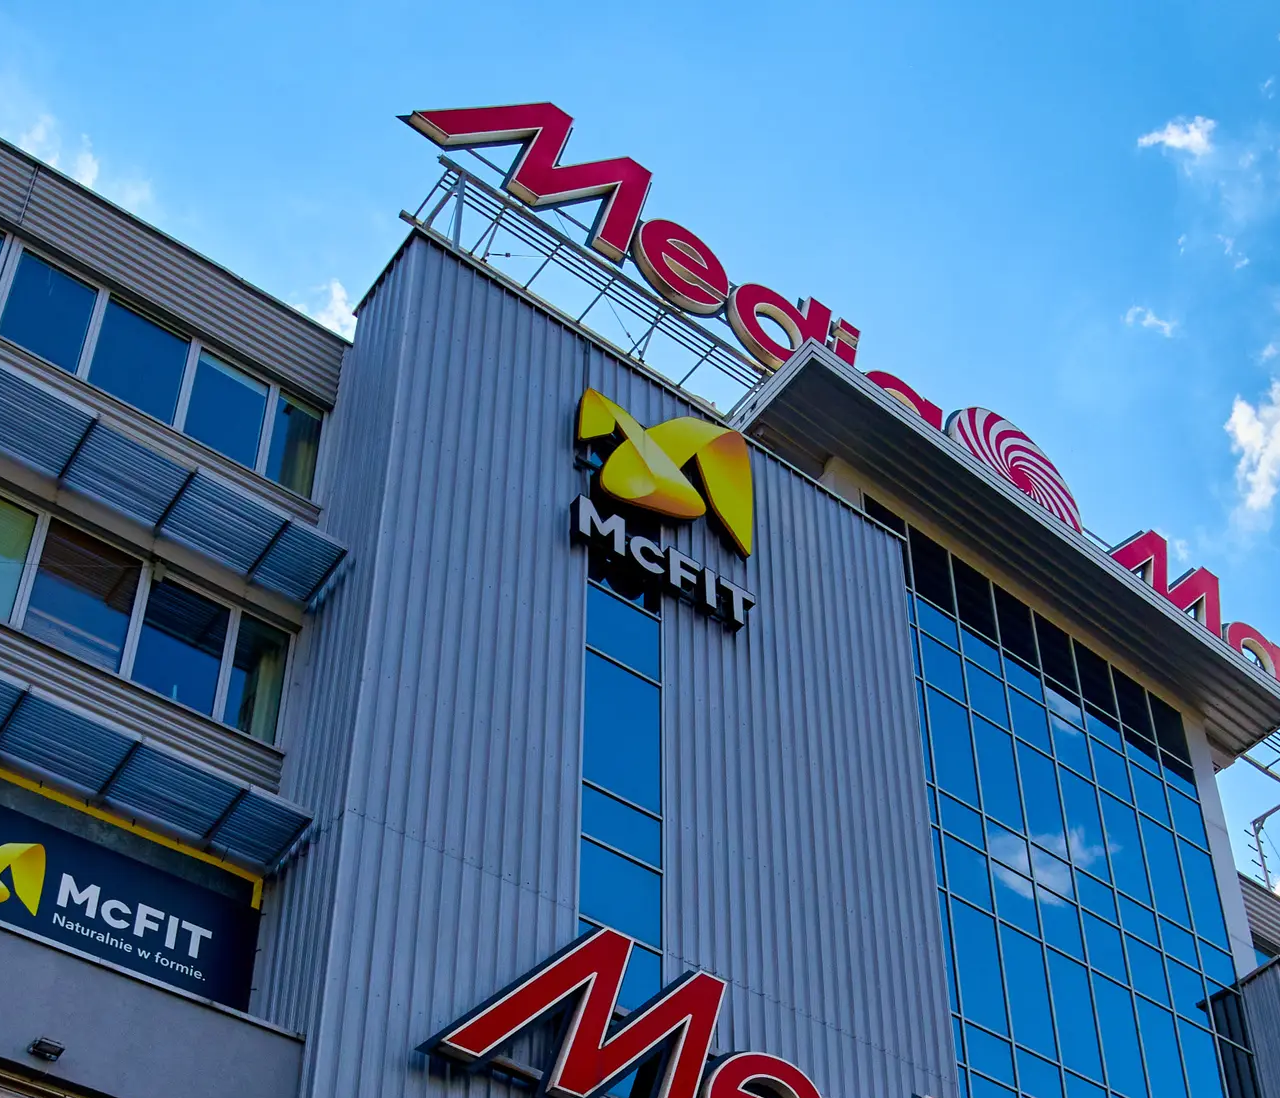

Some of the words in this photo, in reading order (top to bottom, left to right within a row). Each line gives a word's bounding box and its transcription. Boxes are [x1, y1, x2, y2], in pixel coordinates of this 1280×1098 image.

[400, 101, 943, 433] Media
[571, 492, 756, 632] McFIT
[52, 911, 134, 953] Naturalnie
[137, 946, 151, 960] w
[154, 951, 207, 982] formie.
[56, 872, 214, 960] McFIT
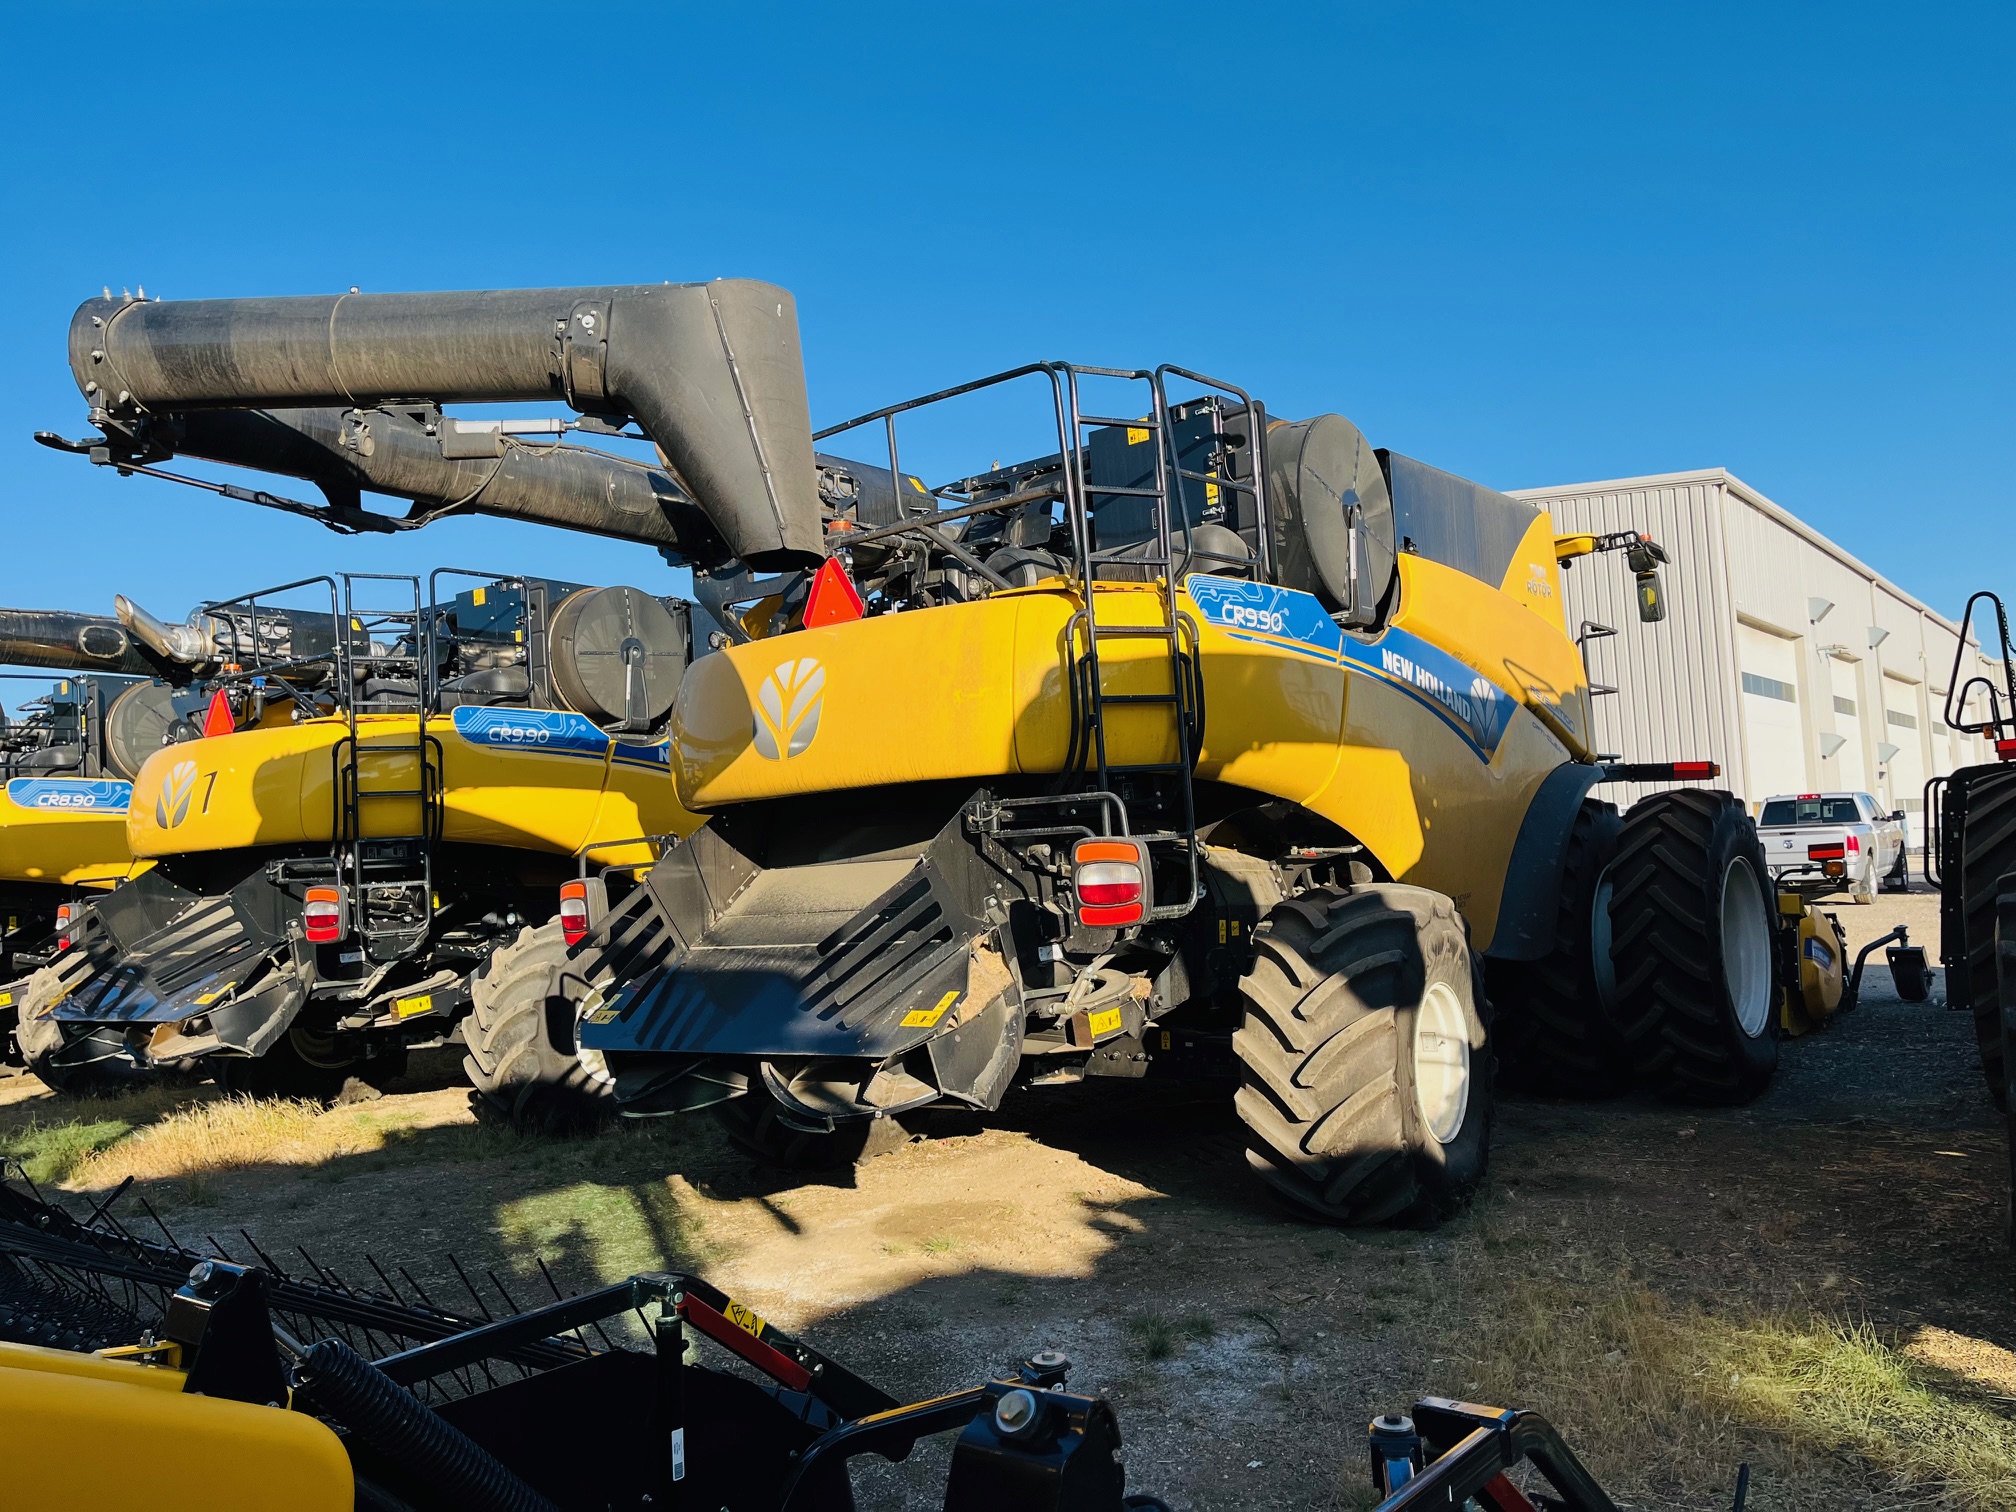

☆ ☆ ☆

EXERCISE BRIEF
With the pictures left aside, set down each entry above exactly as it stands.

RESULT FOR THIS EXERCISE
Some of the words in this photo, in reading order (top to bottom, left to right within a row). Each line gives a word's bounding box and its transcription. Boxes are [x1, y1, x2, y2], in pixel coordinates of this 1280×1098 image.

[400, 101, 943, 433] Media
[571, 492, 756, 632] McFIT
[52, 911, 134, 953] Naturalnie
[137, 946, 151, 960] w
[154, 951, 207, 982] formie.
[56, 872, 214, 960] McFIT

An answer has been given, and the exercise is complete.